Indicatively, desalination energy intensity differs by technology and by whether energy is reported as electricity-only or as thermal + electric inputs. For multi-stage flash (MSF), typical values are ~80 kWhth/m3 of heat plus ~2.5–3.5 kWhe/m3 of electricity, whereas large-scale seawater reverse osmosis (SWRO) typically requires ~3.5–5.0 kWhe/m3 of electricity; World Bank case examples report total RO plant energy use on the order of ~3.4–4.75 kWh/m3 [76,77].
In practice, integrating renewable energy into resilience buffers requires assigning responsibility and linking it to instruments: NFSS/food-security lead agencies (e.g., the Ministry of Municipality) should condition CEA/dairy/cold-chain subsidies and permits on WEF performance (energy intensity and renewable-share plans); the national electricity and water utility should prioritize renewable supply for desalination- and summer-peak cooling loads (including enabling on-site PV where feasible); the public-works/wastewater authority should expand treated-water reuse for irrigation applications; and the environmental regulator should publish monitored indicators (kWh, m3, and CO2e per unit output) for subsidized domestic production.
The increasing demand for electricity for climate control of growing conditions in greenhouses, cold chain logistics, and food processing increases electrical usage during summer peak hours on an electrical grid already heavily dominated by cooling. Qatar’s investments in solar energy generation offer opportunities to develop sustainable food systems with high resilience while reducing its carbon footprint. This includes using solar power to support the operation of greenhouses, desalination, and food processing cooling systems. Additionally, the use of water-recycling technologies to treat and reuse wastewater for irrigation presents another opportunity for Qatar to enhance its water security and reduce its reliance on freshwater sources. A key insight from an SES framework is that achieving the sustainability of food systems requires coordinated management of the interdependent relationships within the water-energy-food nexus, rather than optimizing the individual components of the food system separately. Solutions that address only one element of the food system while ignoring others may displace vulnerability rather than resolve it. These operational steps matter because some resilience buffers, especially dairy scaling, can shift water and energy burdens across the WEF nexus.
This is particularly relevant for dairy. As an order-of-magnitude benchmark, the global average water footprint of cow’s milk is ~1020 L per kg (≈1020 m3 per ton), and most of this footprint is typically attributed to feed production rather than on-farm drinking/cooling water, so rapid dairy scaling in hyper-arid contexts often shifts substantial water demands upstream through imported feed (“virtual water”), even as local energy/cooling needs rise [78,79,80].
Operational thresholds (practical boundaries): Building on this benchmark and the virtual-water point and because our evidence is qualitative and based on secondary sources, we frame the threshold question as a practical boundary.
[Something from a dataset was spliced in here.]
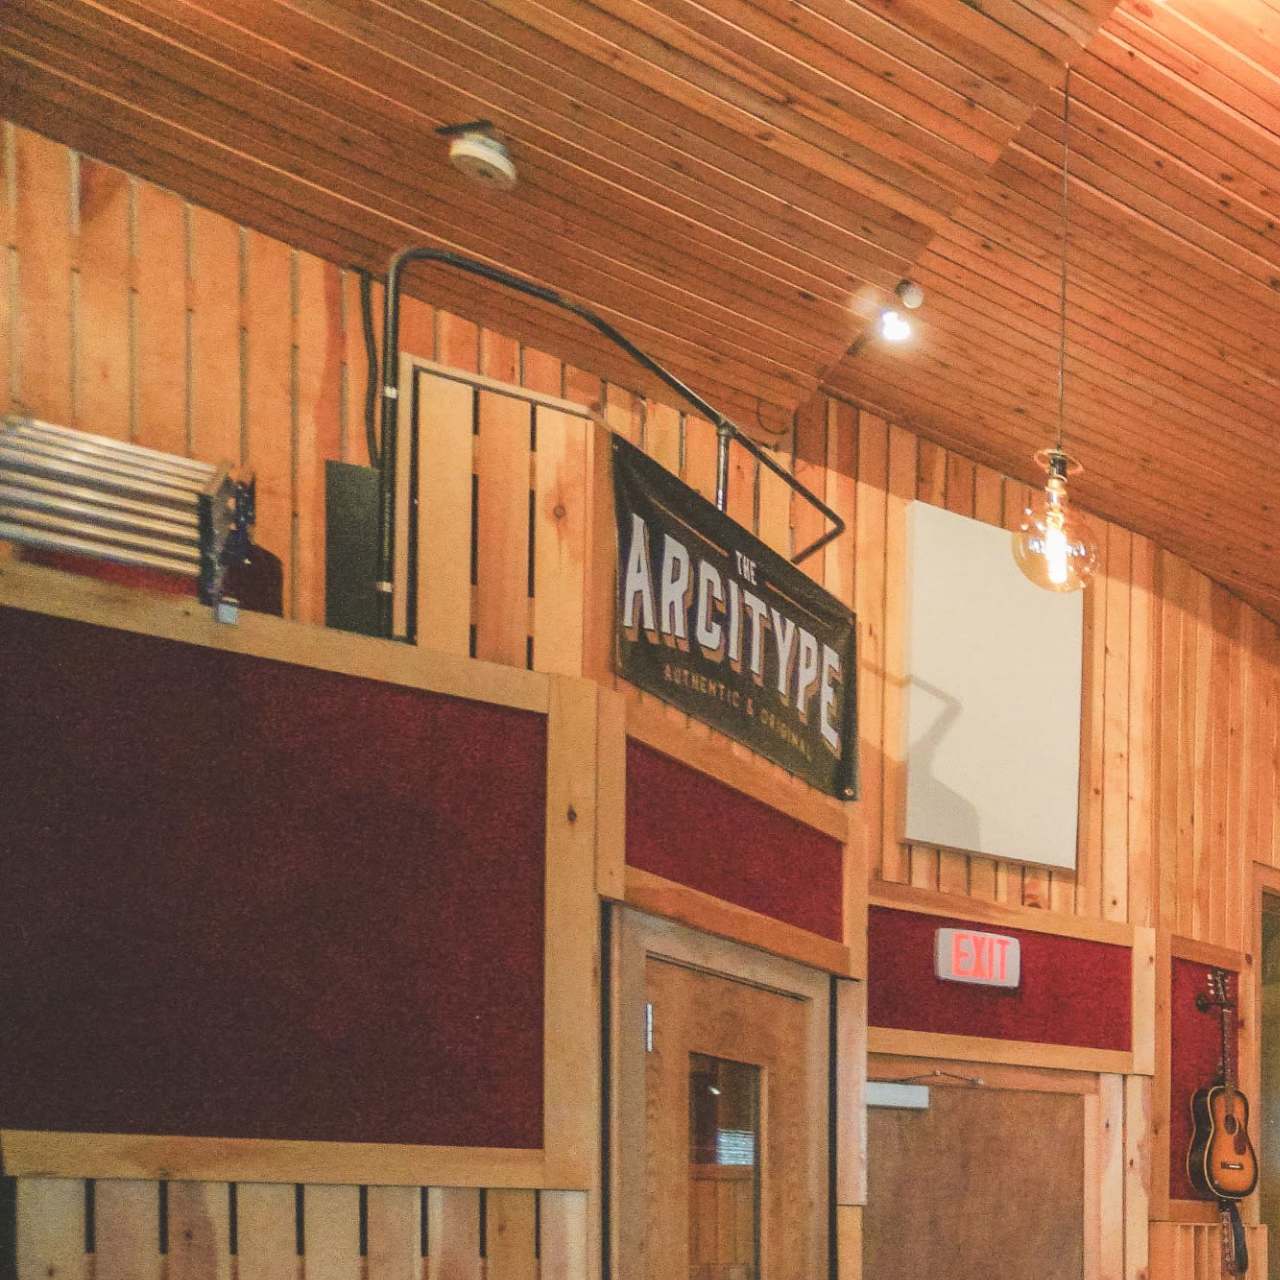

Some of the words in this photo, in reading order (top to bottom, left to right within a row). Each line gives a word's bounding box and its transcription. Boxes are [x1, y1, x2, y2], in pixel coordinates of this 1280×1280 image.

Dairy expansion is defensible as long as it does not materially tighten Qatar’s water–energy constraints, i.e., as long as additional desalinated-water demand, electricity use (desalination + cooling), and associated emissions remain manageable relative to system capacity and policy targets. When these indicators begin to rise disproportionately compared with the resilience benefit, the strategy shifts from “expand output” to “expand efficiency” (renewables coupling, reuse, and intensity reduction) or to import-portfolio diversification for that item.
However, this rapid and intensive production model required substantial water and energy inputs in Qatar‘s arid desert climate, sparking concerns about the long-term environmental sustainability of such efforts [81]. This highlights an interesting tension within resilience building: short-term adaptation to secure supply may conflict with the long-term sustainability of the ecological resource base. In SES terms, a gain in short-run Outcomes (availability/self-sufficiency) creates feedback pressures in linked ecological subsystems (water/energy demand), raising the risk of “resilience tradeoffs” across SES components.
However, this rapid and intensive production model required substantial water and energy inputs in Qatar‘s arid desert climate, sparking concerns about the long-term environmental sustainability of such efforts [81]. This highlights an interesting tension within resilience building: short-term adaptation to secure supply may conflict with the long-term sustainability of the ecological resource base. In SES terms, a gain in short-run Outcomes (availability/self-sufficiency) creates feedback pressures in linked ecological subsystems (water/energy demand), raising the risk of “resilience tradeoffs” across SES components. The concern is not simply about how well this has been achieved in terms of describing the situation. It also describes a potential risk of maladaptive response. As the system’s capacity to absorb social shocks increases, so does its vulnerability to ecological pressures (e.g., energy and water intensity). While the emphasis on local food production was successful in making sure that there will be available food, the fact that it ensures local food production essentially moves the socio-ecological guard rail from being impacted by disruptions in an outside supply chain to being impacted by high intensity use of resources locally (primarily desalinated water for irrigation and/or energy for climate control/cooling). This creates uncertainty about the feasibility of operational boundaries for domestic food production, as the State’s financial buffer capacity is used to overcome biophysical limitations, thereby externalizing environmental costs through high-cost desalination technology.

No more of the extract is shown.